Susan Phillips: We had 216 people registered for the auditions. If they have already made it into the auditorium, they have already auditioned. Before the day is over, they will also have callbacks. We have to limit the number of people to 225 because that is all we can run through in one day. They have to audition and then attend the callbacks.

Blake Braswell: Contrary to how they probably feel, we are all really supportive and want them to do very well. They are all normally very nervous because it’s like that American Idol thing that people see when they watch TV. You feel like the judges are waiting to judge you. But, we are just there ready to root them on and be entertained for four or five hours. We sit here and watch 220 people come through. That’s a lot of people, so we are rooting for them to do the best they can because we want to hire them.
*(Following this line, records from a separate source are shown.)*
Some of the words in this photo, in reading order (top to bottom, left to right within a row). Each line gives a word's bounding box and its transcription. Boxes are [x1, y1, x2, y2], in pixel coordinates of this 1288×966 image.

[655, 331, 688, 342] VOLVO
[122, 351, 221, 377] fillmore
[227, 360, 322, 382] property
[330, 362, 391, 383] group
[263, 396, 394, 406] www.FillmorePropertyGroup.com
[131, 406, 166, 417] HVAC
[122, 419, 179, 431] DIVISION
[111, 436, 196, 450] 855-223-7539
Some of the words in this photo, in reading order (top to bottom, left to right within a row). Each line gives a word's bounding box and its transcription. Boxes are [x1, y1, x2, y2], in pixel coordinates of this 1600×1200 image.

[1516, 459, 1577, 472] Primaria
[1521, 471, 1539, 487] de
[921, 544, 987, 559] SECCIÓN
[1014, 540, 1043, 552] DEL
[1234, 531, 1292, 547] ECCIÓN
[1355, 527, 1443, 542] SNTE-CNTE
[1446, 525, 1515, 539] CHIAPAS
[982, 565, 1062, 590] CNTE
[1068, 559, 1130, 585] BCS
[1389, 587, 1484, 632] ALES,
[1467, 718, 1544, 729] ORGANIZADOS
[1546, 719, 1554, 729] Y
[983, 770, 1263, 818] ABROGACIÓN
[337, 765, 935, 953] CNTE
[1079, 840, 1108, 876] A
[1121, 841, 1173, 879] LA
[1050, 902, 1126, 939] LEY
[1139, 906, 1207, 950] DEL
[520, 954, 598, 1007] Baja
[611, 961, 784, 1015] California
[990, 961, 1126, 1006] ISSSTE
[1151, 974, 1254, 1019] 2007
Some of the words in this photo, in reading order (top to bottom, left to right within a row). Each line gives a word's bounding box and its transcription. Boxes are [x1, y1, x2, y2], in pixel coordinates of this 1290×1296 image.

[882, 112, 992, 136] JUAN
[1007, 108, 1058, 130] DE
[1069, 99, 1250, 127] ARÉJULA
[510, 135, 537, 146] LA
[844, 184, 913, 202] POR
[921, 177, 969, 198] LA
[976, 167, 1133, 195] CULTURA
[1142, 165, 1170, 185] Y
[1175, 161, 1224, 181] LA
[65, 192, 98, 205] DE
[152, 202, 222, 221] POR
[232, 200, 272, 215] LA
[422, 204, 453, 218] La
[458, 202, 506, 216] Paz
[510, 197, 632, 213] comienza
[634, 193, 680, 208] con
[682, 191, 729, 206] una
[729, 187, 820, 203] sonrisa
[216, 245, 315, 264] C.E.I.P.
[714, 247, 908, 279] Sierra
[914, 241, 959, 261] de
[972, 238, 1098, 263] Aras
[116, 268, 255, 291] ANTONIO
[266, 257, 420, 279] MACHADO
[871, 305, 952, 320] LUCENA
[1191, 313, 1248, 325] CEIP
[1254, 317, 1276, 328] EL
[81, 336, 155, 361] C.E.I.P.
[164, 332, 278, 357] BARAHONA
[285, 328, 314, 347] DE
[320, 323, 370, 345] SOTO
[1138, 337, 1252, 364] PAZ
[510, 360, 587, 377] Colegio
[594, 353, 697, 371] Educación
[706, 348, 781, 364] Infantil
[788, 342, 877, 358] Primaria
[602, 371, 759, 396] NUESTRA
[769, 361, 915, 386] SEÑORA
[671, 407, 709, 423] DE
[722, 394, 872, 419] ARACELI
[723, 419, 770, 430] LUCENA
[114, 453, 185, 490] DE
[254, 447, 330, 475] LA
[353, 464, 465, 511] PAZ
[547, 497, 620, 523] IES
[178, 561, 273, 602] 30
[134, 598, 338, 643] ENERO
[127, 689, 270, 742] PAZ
Melanie Wiliford: I am really anxious to work on some of the skills I picked up while in Scotland. Some of the heightened language and the vocal production you are going to need for an outdoor theatre that seats 2,000 people. I would like to keep those skills up-dated and in check. I am also excited about learning more about the history of the area. These plays tell the story about that particular area, and I find that fascinating.

Blake Braswell: I came across a listing that said the Institute of Outdoor Drama had moved to East Carolina University, and I thought, “Well, it had been at UNC for so many years.” So, this is my second year as the artistic director of the Pennsylvania Renaissance Faire. As soon as I saw that the auditions had moved to ECU, I said, “We have to go.” We actually dropped another audition we were going to and came here, for the excuse of going home to Greenville and being on the other side of the table. Instead of auditioning myself, I was going to audition for other people. It’s a very surreal experience.

Susan Phillips: We were blessed to end up here at East Carolina University and at the College of Fine Arts and Communication. I think this facility is the best we have ever used. We have the auditorium, all the callback rooms, and restaurants that are very close. Plus, we have the whole building, so everybody can spread out. If they need time alone to work on their monologues, they have it here.

Amanda Klinikowski: I did. I just went. I haven’t checked the board yet, so that will be my next stop. But, we are hoping.